The Internet of Things Security Foundation (IoTSF) has officially launched and set out its plans to respond to rising concerns surrounding cybersecurity challenges in IoT.
The creation of IoTSF follows an eight month investigative and consultative process which included staging the IoT Security Summit at the world famous Bletchley Park earlier this year. The summit validated a need to bring more focus to security issues and since that time work has continued to determine an appropriate response to both business and technical threats. As of now, IoTSF will bring an international and expert focus to promote excellence in IoT security with the ambition to “make it safe to connect”.
To meet identified needs, IoTSF has been setup as a non-profit, technology neutral body, which will take a system wide, holistic perspective on IoT security best practice. It is not a standards body but intends to work collaboratively with existing standards and other consortia “by default”. The programme of activities of the foundation will initially target three key stakeholder groups: technology providers, systems adopters and end users.

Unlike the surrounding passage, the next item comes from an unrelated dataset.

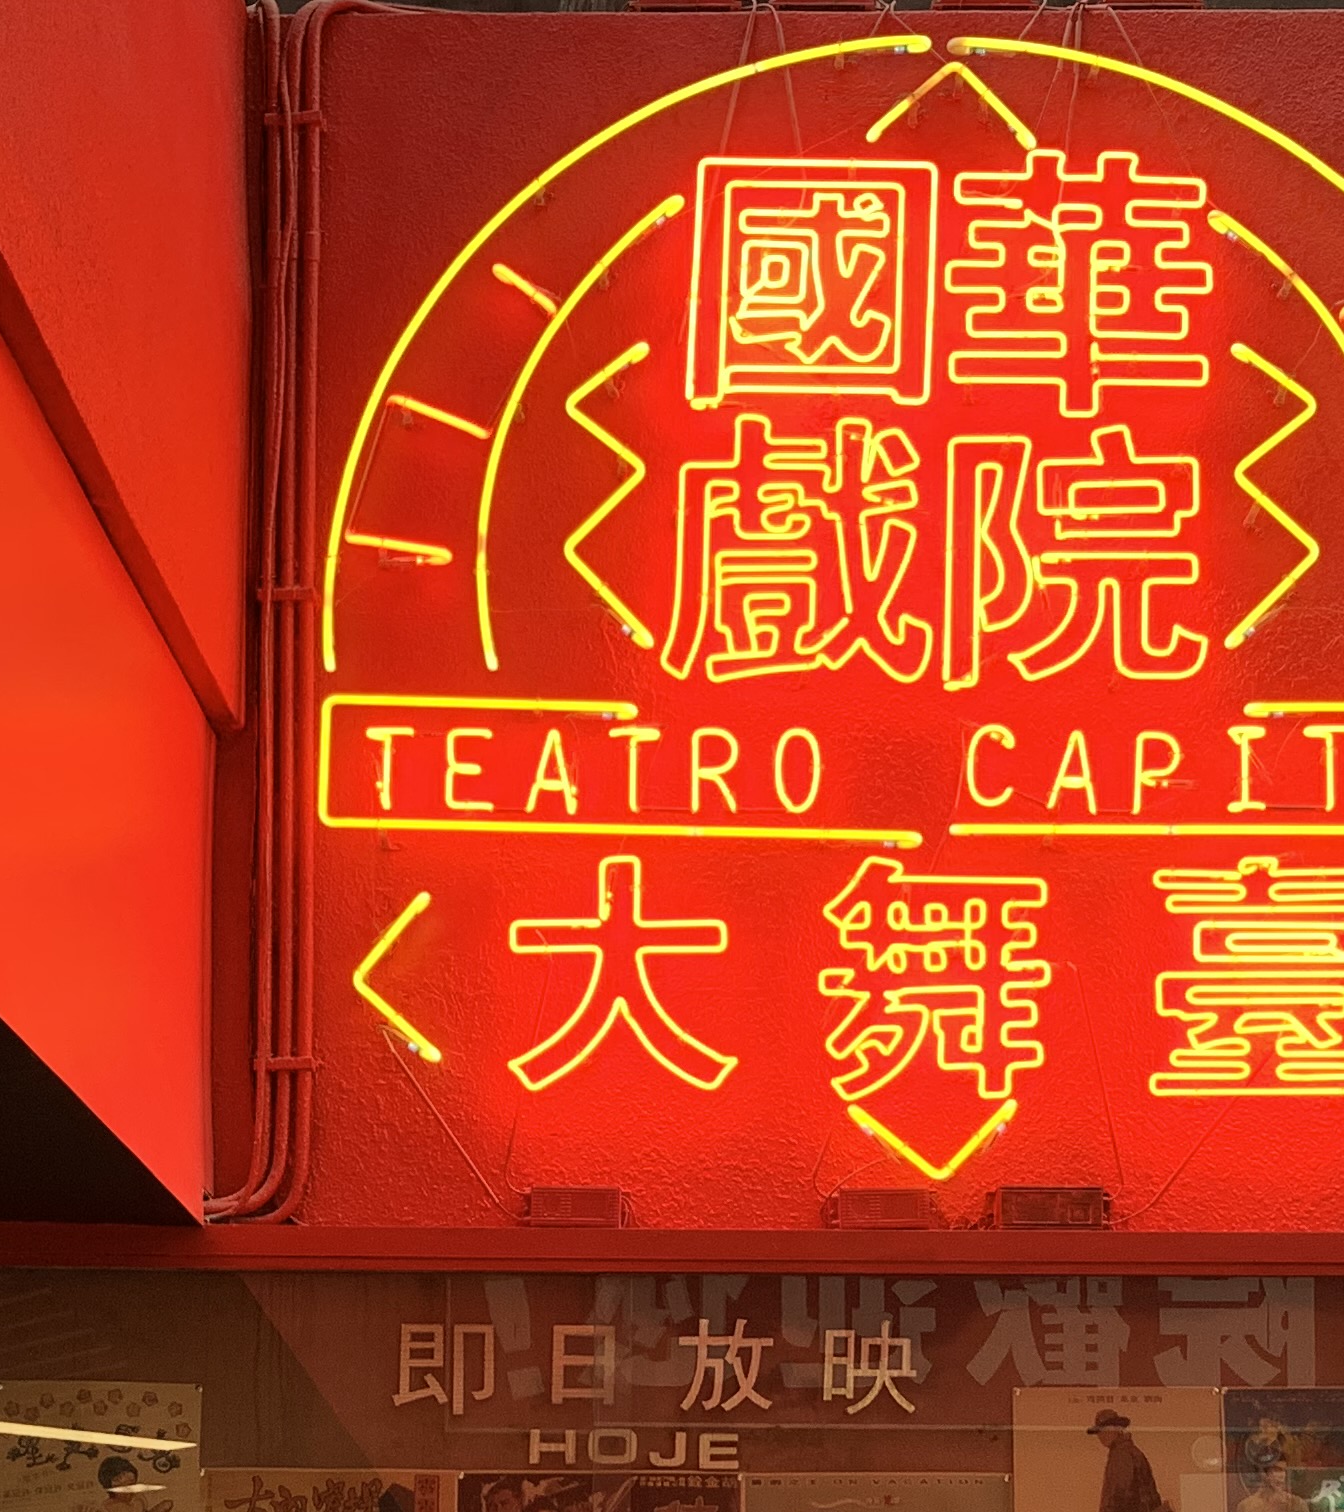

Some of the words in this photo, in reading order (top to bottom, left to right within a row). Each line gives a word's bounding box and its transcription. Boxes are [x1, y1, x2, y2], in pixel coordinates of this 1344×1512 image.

IoTSF has an executive steering board comprised of leading technology organisations and security experts including BT, Vodafone, Imagination Technologies, Royal Holloway University of London, Copper Horse Solutions, Secure Thingz, NMI and PenTest Partners. John Haine, industry veteran and visiting professor at the University of Bristol has been announced as the inaugural chair.
To accompany the launch, IoTSF announced three activities to initiate its work:
1. IoT security: the big picture.
2. Self-certification for product developers.

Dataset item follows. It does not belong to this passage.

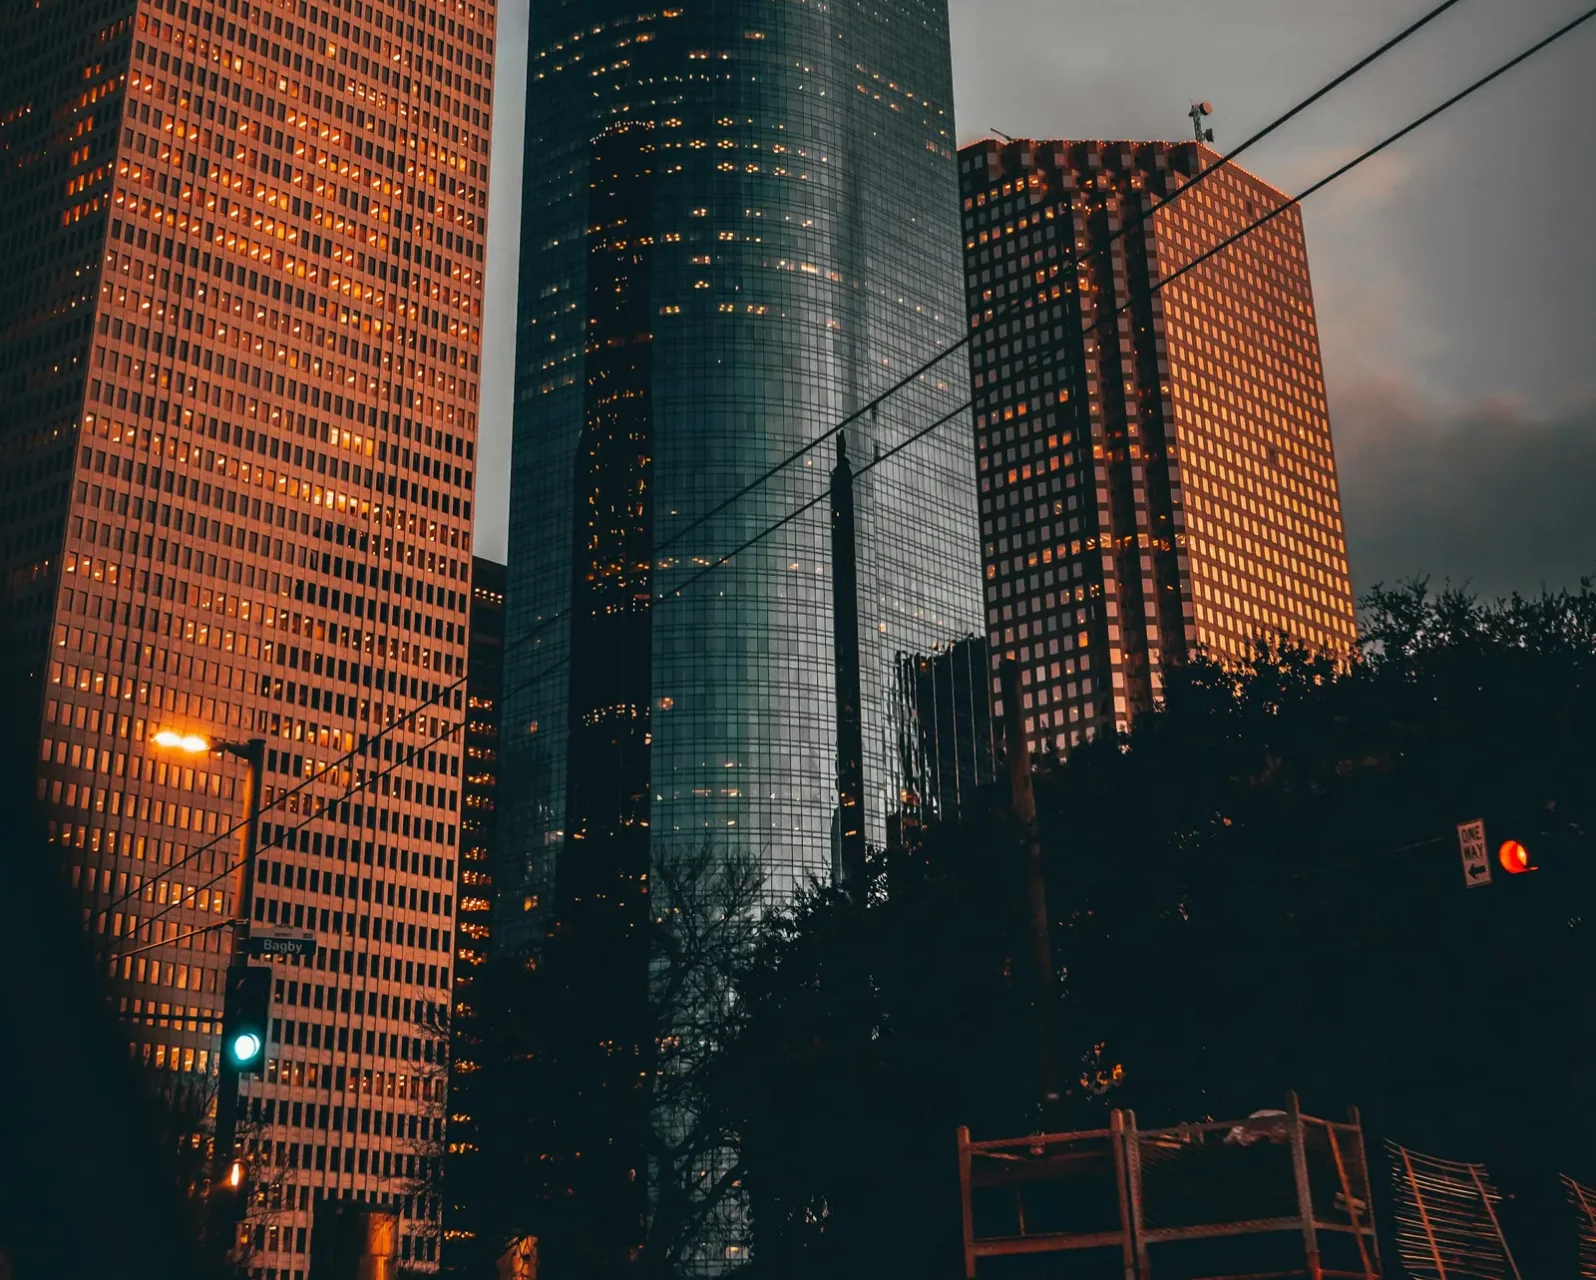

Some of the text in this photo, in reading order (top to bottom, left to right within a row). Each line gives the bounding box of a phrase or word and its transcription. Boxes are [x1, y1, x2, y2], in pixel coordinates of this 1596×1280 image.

3. An inaugural conference which takes place on December 1st in London.
IoTSF is funded by a low-cost membership model and will supplement income through its own operations. It will also accept donation from benefactors who support its mission.

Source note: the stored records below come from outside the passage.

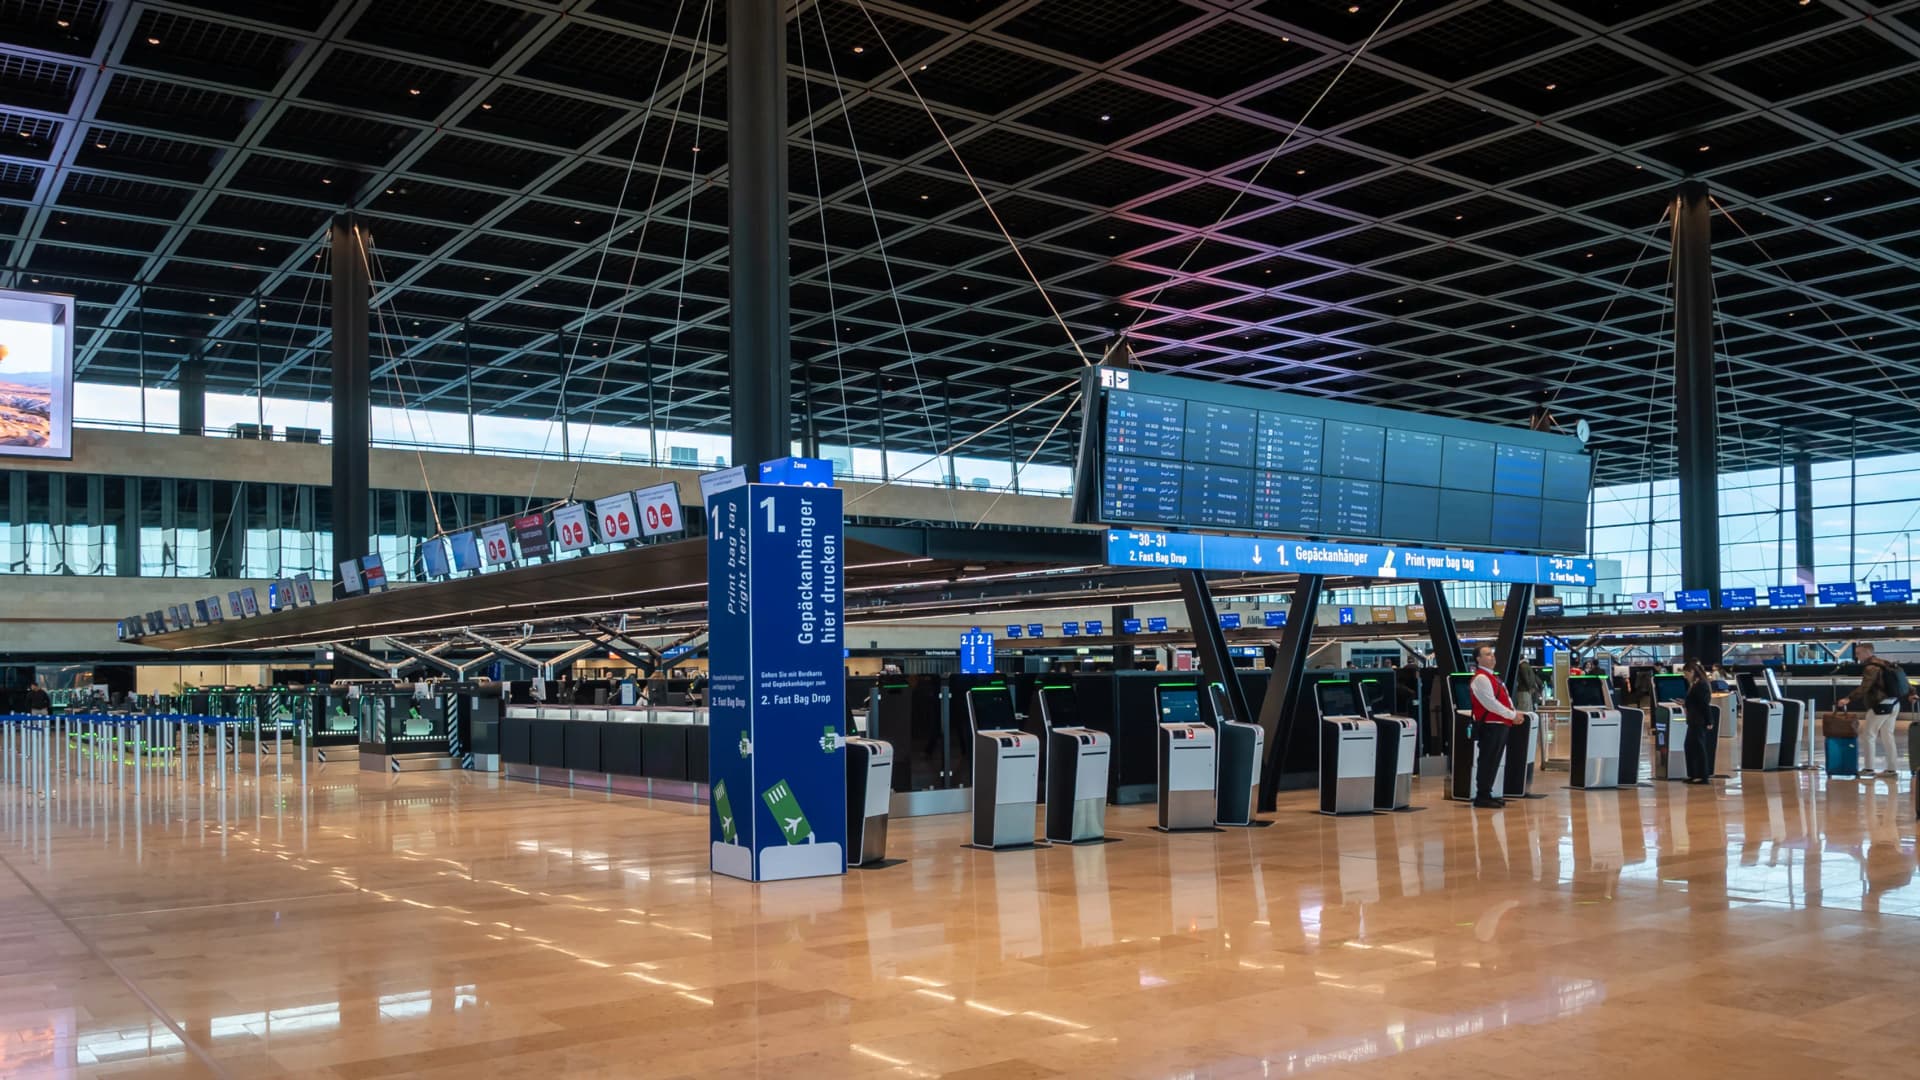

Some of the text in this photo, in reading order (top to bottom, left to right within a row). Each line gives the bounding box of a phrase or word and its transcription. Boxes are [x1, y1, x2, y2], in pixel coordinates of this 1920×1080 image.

[793, 461, 807, 469] Zone
[711, 505, 723, 540] 1.
[760, 497, 786, 533] 1.
[727, 502, 737, 615] Print bag tag
[1129, 550, 1187, 565] 2. Fast Bag Drop
[1277, 544, 1368, 566] 1. Gepäckanhänger
[1405, 552, 1474, 572] Print your bag tag
[797, 498, 816, 644] Gepäckanhänger
[1550, 572, 1585, 584] 2. Fast Bag Drop
[739, 572, 749, 614] right
[820, 535, 836, 643] hier drucken
[1344, 614, 1351, 622] 34
[962, 636, 968, 645] 2.
[977, 634, 984, 644] 2.
[772, 680, 814, 688] Gepäckanhänger
[712, 697, 717, 706] 2.
[761, 693, 831, 705] 2. Fast Bag Drop

John Moor, VP Segment Development at NMI and IoTSF Director said:
“The formation of the Internet of Things Security Foundation has been through a rigorous process to make sure it is fit for purpose.”
“With so many concerns and a new complexity of security in IoT, it is important that we now start the necessary work in earnest to address known, yet not always addressed, and emerging vulnerabilities.”
“The scale and scope of the issues are formidable and as such they require a formidable response. This can only be achieved effectively by working together, so I am delighted to announce IoTSF is open for business and invite organisations to back the mission and join us. Together we can raise standards and make it harder for criminals, adversaries and rogues of all denominations to exploit us.”
Membership is now open to all stakeholder organisations around the world with more details available from the website www.iotsecurityfoundation.org
Professor Ben Azvine, Global Head of Security Research and Innovation at BT said:
“Improving the security of IoT is beneficial to consumers, suppliers and businesses. It will help to accelerate adoption of the technology and protect privacy and confidentiality of information. IoT Security Foundation (IoTSF) has an important role to play in achieving this, and BT is delighted to be driving its formation. We look forward to taking an active role in engaging with IoTSF members.”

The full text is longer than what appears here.